Procedimientos de elección
113. La mayoría de las legislaciones nacionales reconocen de manera implícita o explícita el principio de la elección de los dirigentes de las organizaciones por sus mandantes. En cuanto a los procedimientos de elección, las legislaciones pueden repartirse en dos categorías.
114. En la primera de esas categorías se encuentran aquellas legislaciones que no contienen ninguna disposición específica en la materia o que prevén únicamente que los estatutos de las organizaciones sindicales deben indicar la modalidad de designación de sus órganos directivos, así como disposiciones que apuntan a promover los principios democráticos en el seno de los sindicatos o a garantizar el desarrollo normal del procedimiento electoral, respetando los derechos de los miembros, a fin de evitar todo conflicto en lo que atañe al resultado de las elecciones. La Comisión considera que este tipo de disposiciones no pone en tela de juicio la aplicación de los principios de la libertad sindical, siempre y cuando no se presten a que las autoridades ejerzan un control indebido en razón de su carácter demasiado detallado. 115. En la segunda categoría hay disposiciones que rebasan los objetivos descritos previamente y que presentan un riesgo potencial de injerencia de las autoridades en el derecho de las organizaciones de elegir libremente a sus representantes. La Comisión estima que, por ejemplo, son contrarias a los principios de la libertad sindical las disposiciones siguientes: las que fijan reglas muy precisas relativas a las elecciones sindicales, que dan lugar a una suerte de fiscalización a priori de las elecciones, o permiten la intervención de las autoridades públicas en el desarrollo de la votación (Nota 11); las reglas que permiten el control del desarrollo de las elecciones por las autoridades administrativas o la central sindical única mediante, por ejemplo, la presencia obligatoria de un inspector del trabajo o de un representante de la administración, e incluso la aprobación o la homologación administrativas de las elecciones o sus resultados (Nota 12). A juicio de la Comisión el criterio que debe tenerse en cuenta es la posibilidad de injerencia arbitraria de las autoridades en los procesos electorales de las organizaciones de trabajadores y de empleadores. Si, no obstante, se considera necesario un control, éste debería ser efectuado por una autoridad judicial.

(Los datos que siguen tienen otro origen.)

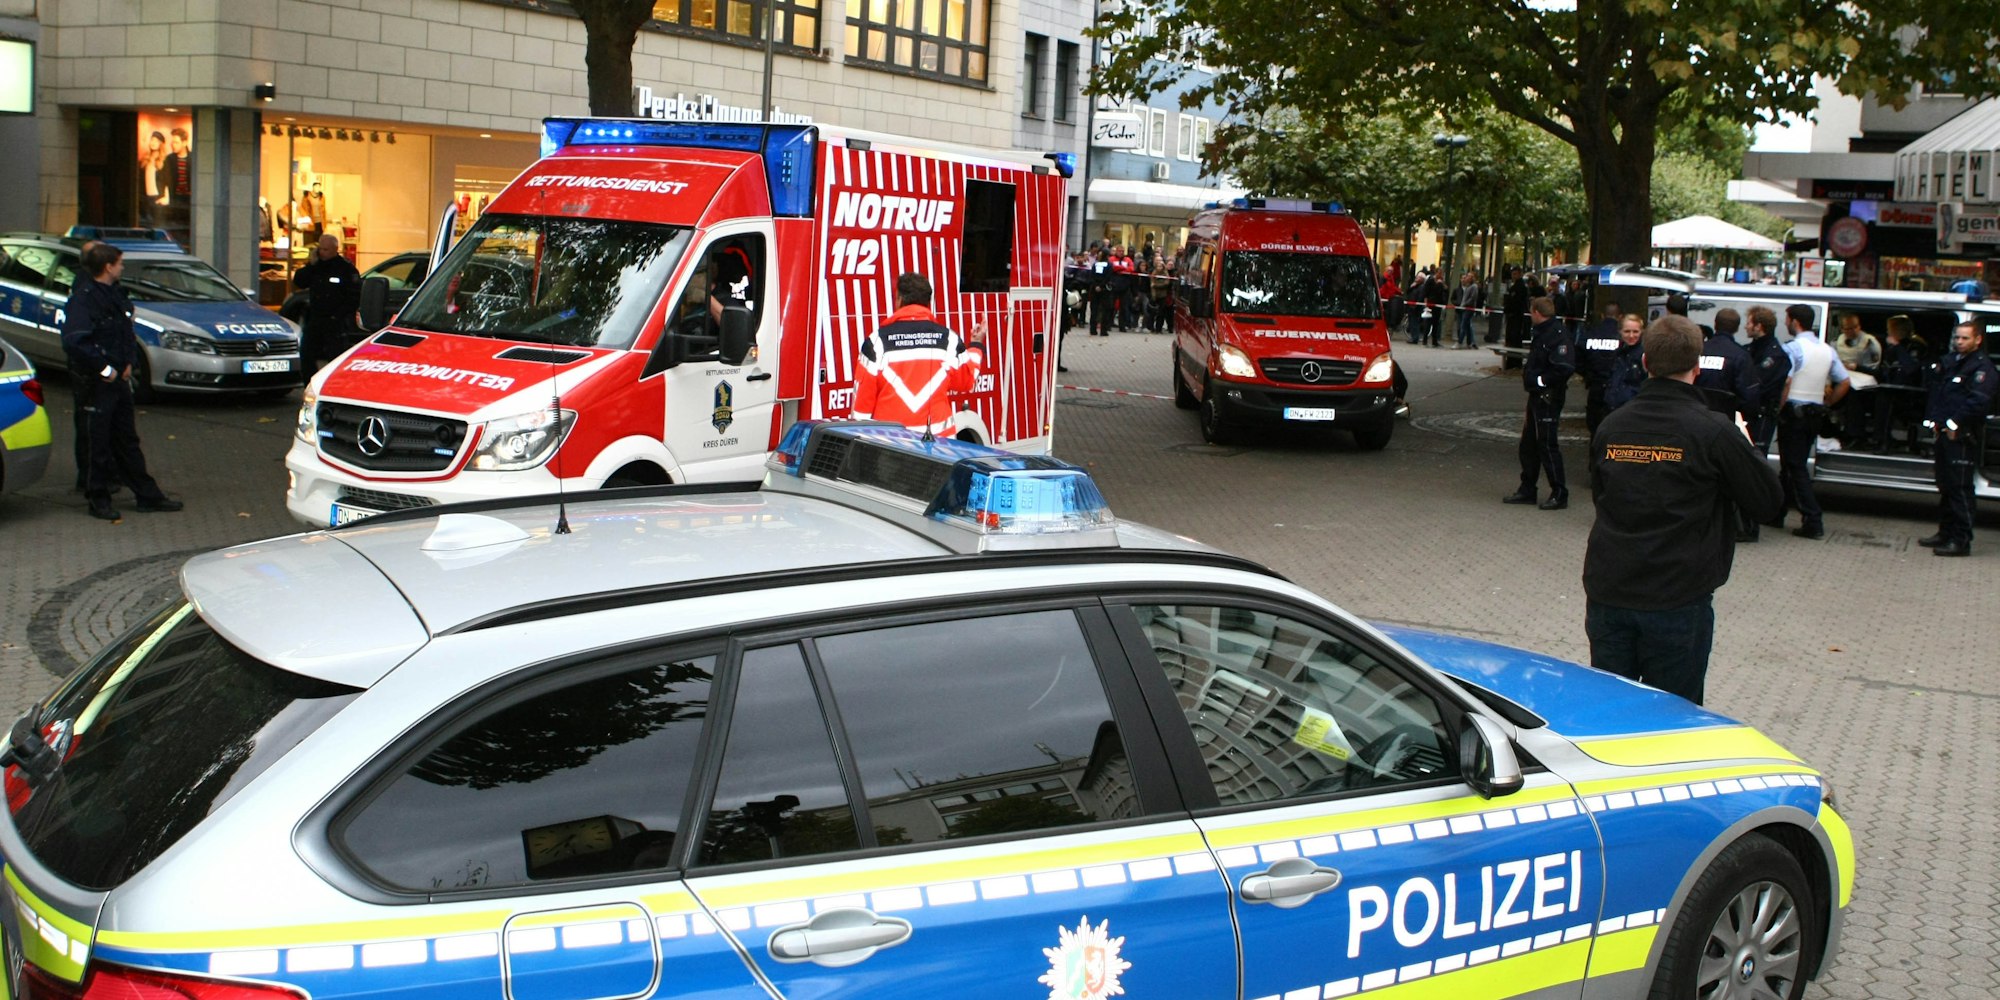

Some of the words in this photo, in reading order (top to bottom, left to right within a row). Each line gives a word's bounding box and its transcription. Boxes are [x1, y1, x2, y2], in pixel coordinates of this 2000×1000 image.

[525, 175, 688, 195] RETTUNGSDIENST
[833, 191, 954, 233] NOTRUF
[1261, 243, 1293, 251] DÜREN
[831, 238, 880, 275] 112
[215, 323, 287, 334] POLIZEI
[1255, 330, 1361, 341] FEUERWEHR
[703, 440, 718, 448] KREIS
[720, 437, 738, 446] DÜREN
[1347, 850, 1581, 958] POLIZEI

Condiciones de elegibilidad
116. Las condiciones de elegibilidad que figuran con más frecuencia en las legislaciones nacionales se refieren a la pertenencia a la profesión, la nacionalidad, la opinión o las actividades políticas y los antecedentes judiciales; en algunas legislaciones se incluyen asimismo cláusulas restrictivas o prohibitorias en lo relativo a la reelección de dirigentes sindicales.

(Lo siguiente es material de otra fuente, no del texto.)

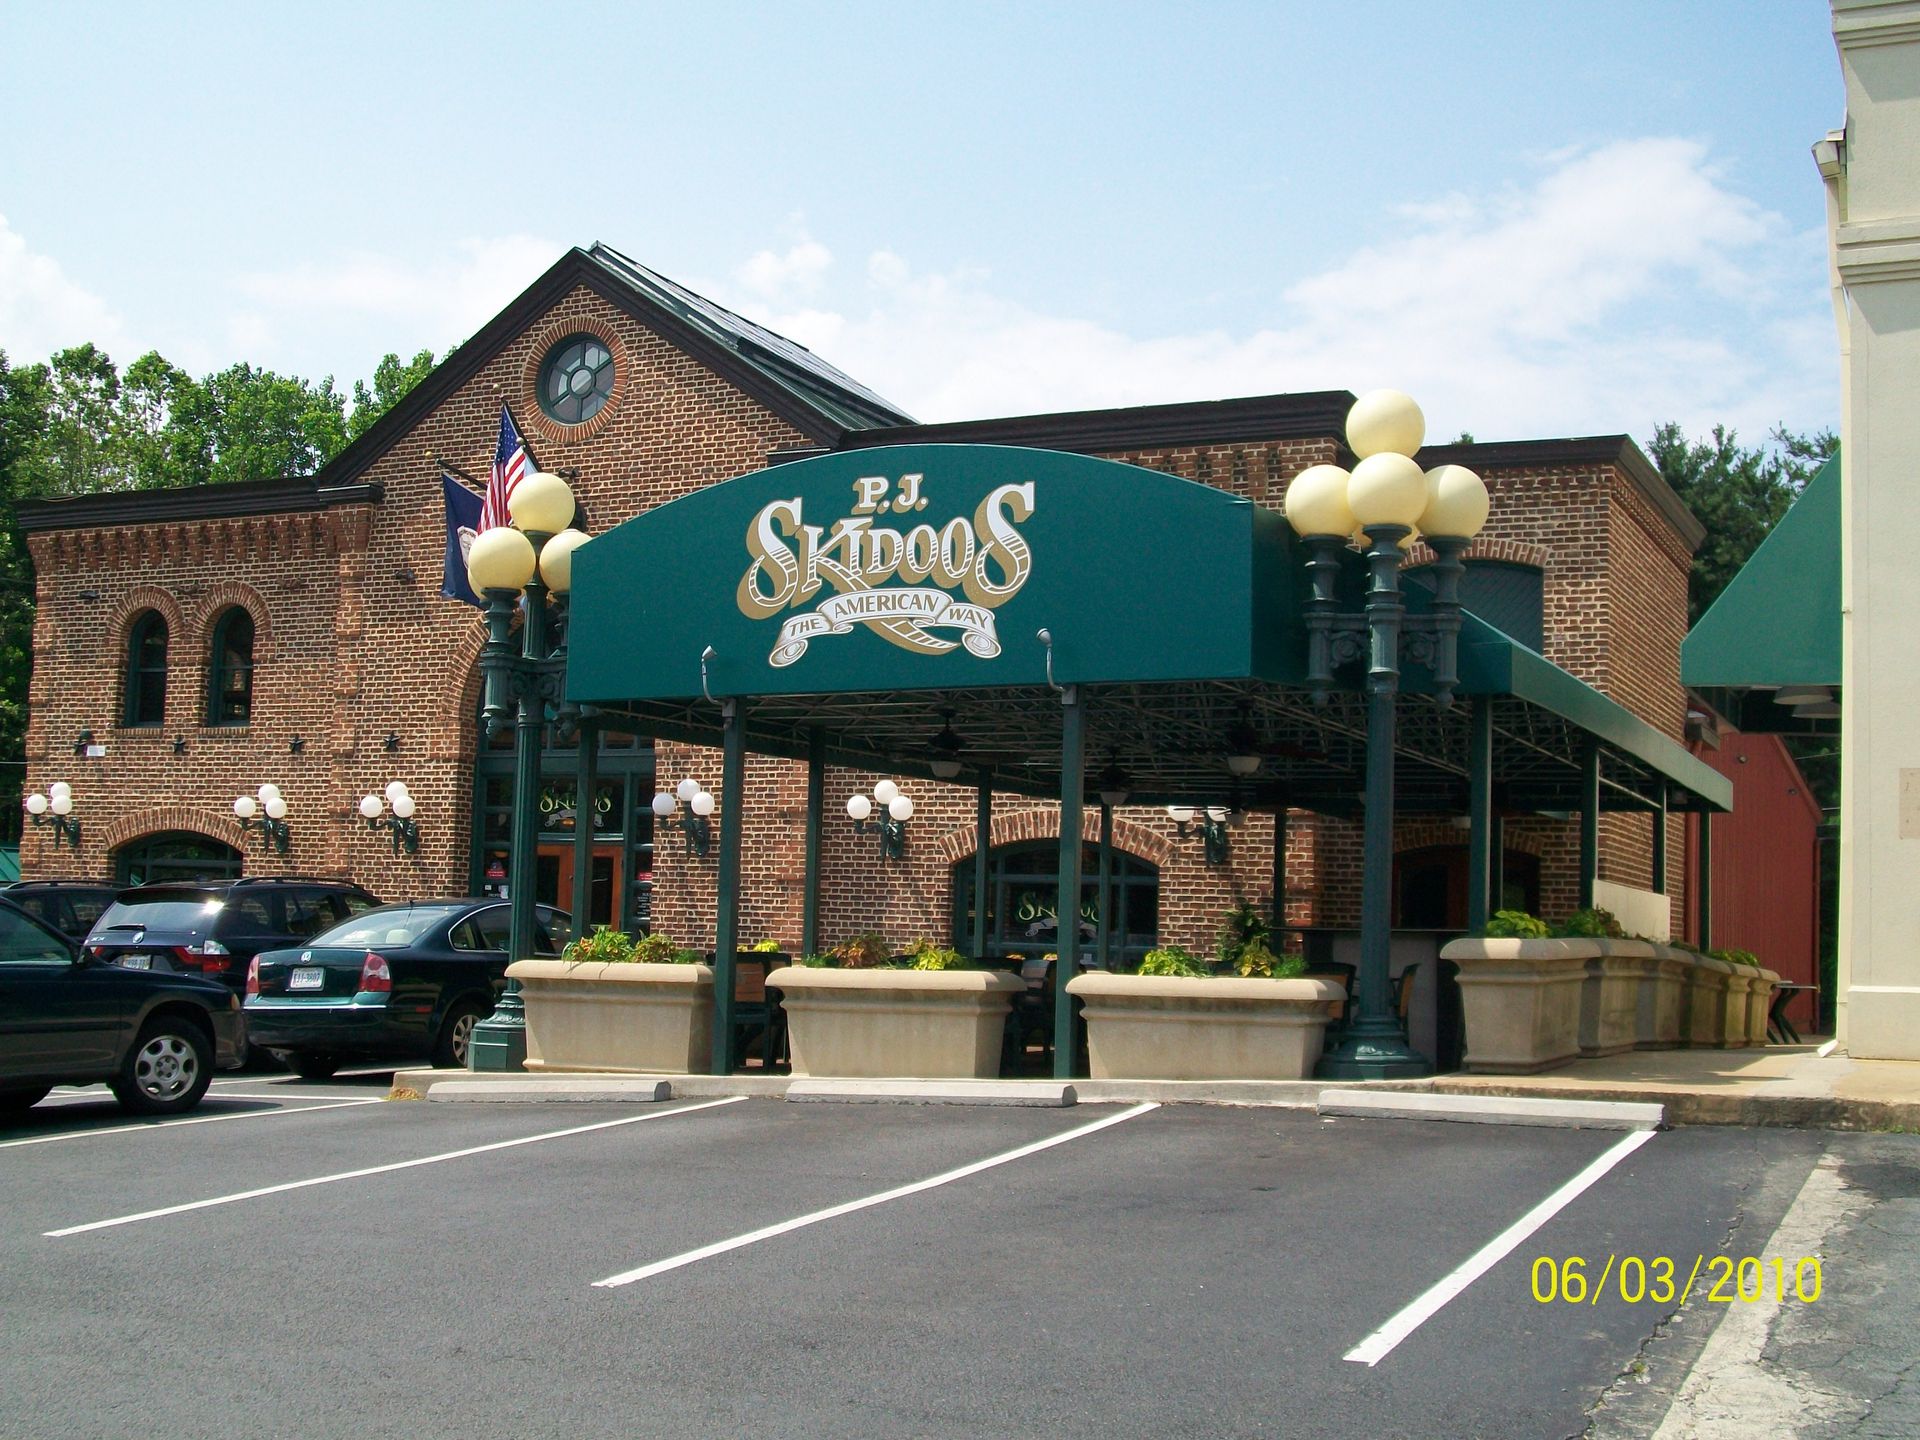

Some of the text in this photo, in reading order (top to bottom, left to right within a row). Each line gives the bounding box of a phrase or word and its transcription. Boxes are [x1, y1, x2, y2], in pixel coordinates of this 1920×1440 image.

[852, 473, 929, 514] P.J.
[737, 481, 1036, 620] SKIDOOS
[789, 592, 989, 638] THE AMERICAN WAY

i) Pertenencia a la profesión, o a la empresa 117. La Comisión estima contrarias a las garantías estipuladas en el Convenio núm. 87 aquellas disposiciones que exigen de todos los candidatos a ocupar un cargo sindical que pertenezcan a la profesión, empresa o unidad de producción (Nota 13) representada por la organización, o estén efectivamente ocupados en ellas en el momento de su candidatura (Nota 14), o incluso que lo hayan estado durante cierto período antes de las elecciones (Nota 15). También las restricciones pueden provenir de una acumulación de disposiciones que prevean la necesidad de pertenecer a la profesión para ser miembro de un sindicato y de ser miembro del sindicato para ser elegido dirigente del mismo (Nota 16). Disposiciones de esta índole pueden obstaculizar el derecho de las organizaciones a elegir libremente a sus representantes, al impedir que personas calificadas, tales como personas que trabajan a tiempo completo para el sindicato o jubilados, ocupen cargos sindicales, o al privarlas de la experiencia de determinados dirigentes en circunstancias en que no disponen en sus propias filas de un número suficiente de personas debidamente capacitadas. Cuando la legislación impone este tipo de requisitos para todos los cargos de dirigentes, existe también un auténtico riesgo de que el empleador cometa actos de injerencia, recurriendo con ese fin al despido de los dirigentes sindicales, toda vez que ello acarreará la pérdida de su calidad de dirigentes sindicales. Con objeto de poner estas legislaciones en conformidad con lo dispuesto por el Convenio núm. 87, sería deseable hacerlas más flexibles, por ejemplo aceptando la candidatura de personas que hayan trabajado en épocas anteriores en la profesión o suprimiendo la condición de pertenencia a la profesión para una proporción razonable de dirigentes (Nota 17).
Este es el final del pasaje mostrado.